Figure 2 - Neural cell-types correlate with neural function.
A: Model of the relationship between the molecular repertoire, structure, and function of neurons.
The molecular repertoire of a neuron (blue) plays a dual role in shaping not only the neuron's intrinsic properties but also in governing its connectivity and interactions with other neurons. The computations within a neural network are emerging properties resulting from the interplay between these intrinsic properties and inter-neuronal interactions. Describing Neural function (purple) requires describing both the intrinsic properties of neurons and the emerging properties of neural networks. The pathways linking the molecular repertoire of a neuron to its function involve several actors that can be listed as elements of the structure of neurons (green). Finally, it is important to note that the activity of a neuron has an influence on its molecular repertoire via activity-dependent transcription factors, closing the loop between molecular repertoire, structure and function. Features of single neurons distributed across this loop can be probed with several methods from molecular biology and neuroscience (orange).
B: Definition of neural cell-types and relationship with neural function.
Each datapoint on the scatter plot represents a neuron, and the two axes represent two dimensions derived from the hyperspace of features defined in A (for instance, the spike waveform shape, firing statistics and anatomical location of neurons). These two dimensions could either result from a linear transformation such as principal component analysis (PCA), or from a non-linear transformation such as uniform manifold approximation and projection (UMAP) or the encoding of a variational autoencoder (VAE). In the feature hyperspace, neurons can cluster or lay along a continuum (Harris et al., 2018). These groups of neurons can emerge from the data and be unveiled with models trained with unsupervised learning (clustering). Alternatively, these groups of neurons can be predefined into classes based on labels (e.g. Purkinje cells, defined morphologically) and their class can be predicted from their position in the feature hyperspace with models trained with supervised learning (classification). In Beau et al., 2025, we developed an algorithm for cell type classification of neurons in the cerebellum cortex. The goal of cell-type classification is to group neurons into functionally homogeneous classes, whether they map onto discrete (Kozareva et al., 2021) or continuous (Bugeon et al., 2022) functions.
scDNAseq: single-cell DNA sequencing; scRNAseq: single-cell RNA sequencing; FISH: Fluorescence In Situ Hybridization; cyTOF: flow cytometry by Time Of Flight; scWB: single-cell Western Blot; E-phys: electrophysiology; Imaging: Calcium or voltage imaging; EM: Electronic Microscopy.
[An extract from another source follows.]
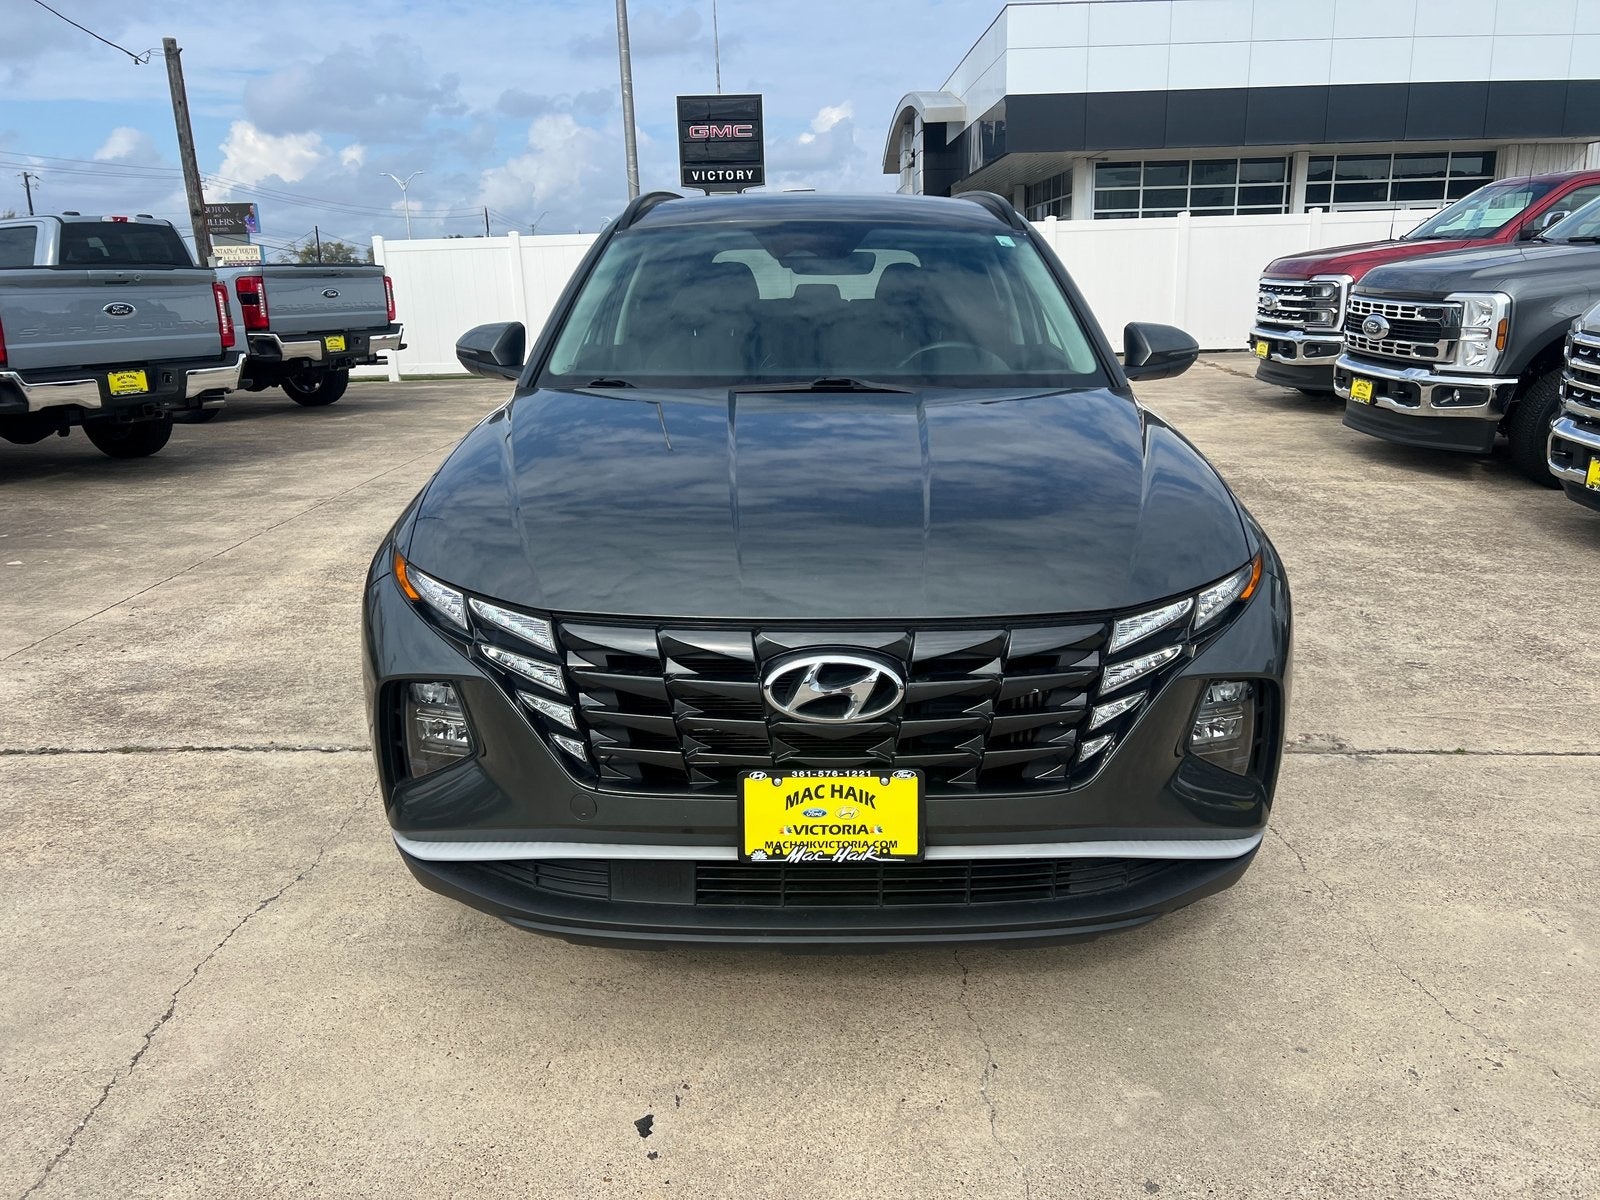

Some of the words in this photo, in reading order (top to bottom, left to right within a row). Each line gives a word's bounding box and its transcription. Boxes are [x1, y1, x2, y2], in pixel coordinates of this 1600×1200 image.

Taken together, these properties determine the highly non-linear single neuron computations operated by neurons to transform their inputs into their outputs (Figure 2, A, purple boxes). These transformations can be very complex, ranging from simple linear integration to nonlinear operations equivalent to full-fledged artificial neural networks. It has recently been shown that single human pyramidal neurons could implement the most canonical nonlinear problems: a XOR gate. Using the nomenclature of artificial neural networks as a framework, single neurons can be described as the units of biological networks. In that case, the connectivity of neurons with one another constitutes the architecture of networks, and the synaptic apparatus of neurons (all proteins responsible for neurotransmission and plasticity) are the determinants of network weights. The units, architecture and weights of neural networks constitute the determinants of the computations performed by these networks, which correlate with the firing statistics of the neurons embedded into them (Figure 2, A, purple box ‘Network computations’). Finally, the activity of a network can in turn influence back the molecular repertoire of its neurons, for instance via activity-dependent transcription factors such as c-fos. I would like the reader to note that this perspective on neural function adheres to the conceptual framework unrolled in the previous paragraph, where the function of a neuron is considered in the arbitrary context of “neural network computations” and in relation to a neuron’s intrinsic properties, its interactions between neurons, and the emerging properties of neural networks.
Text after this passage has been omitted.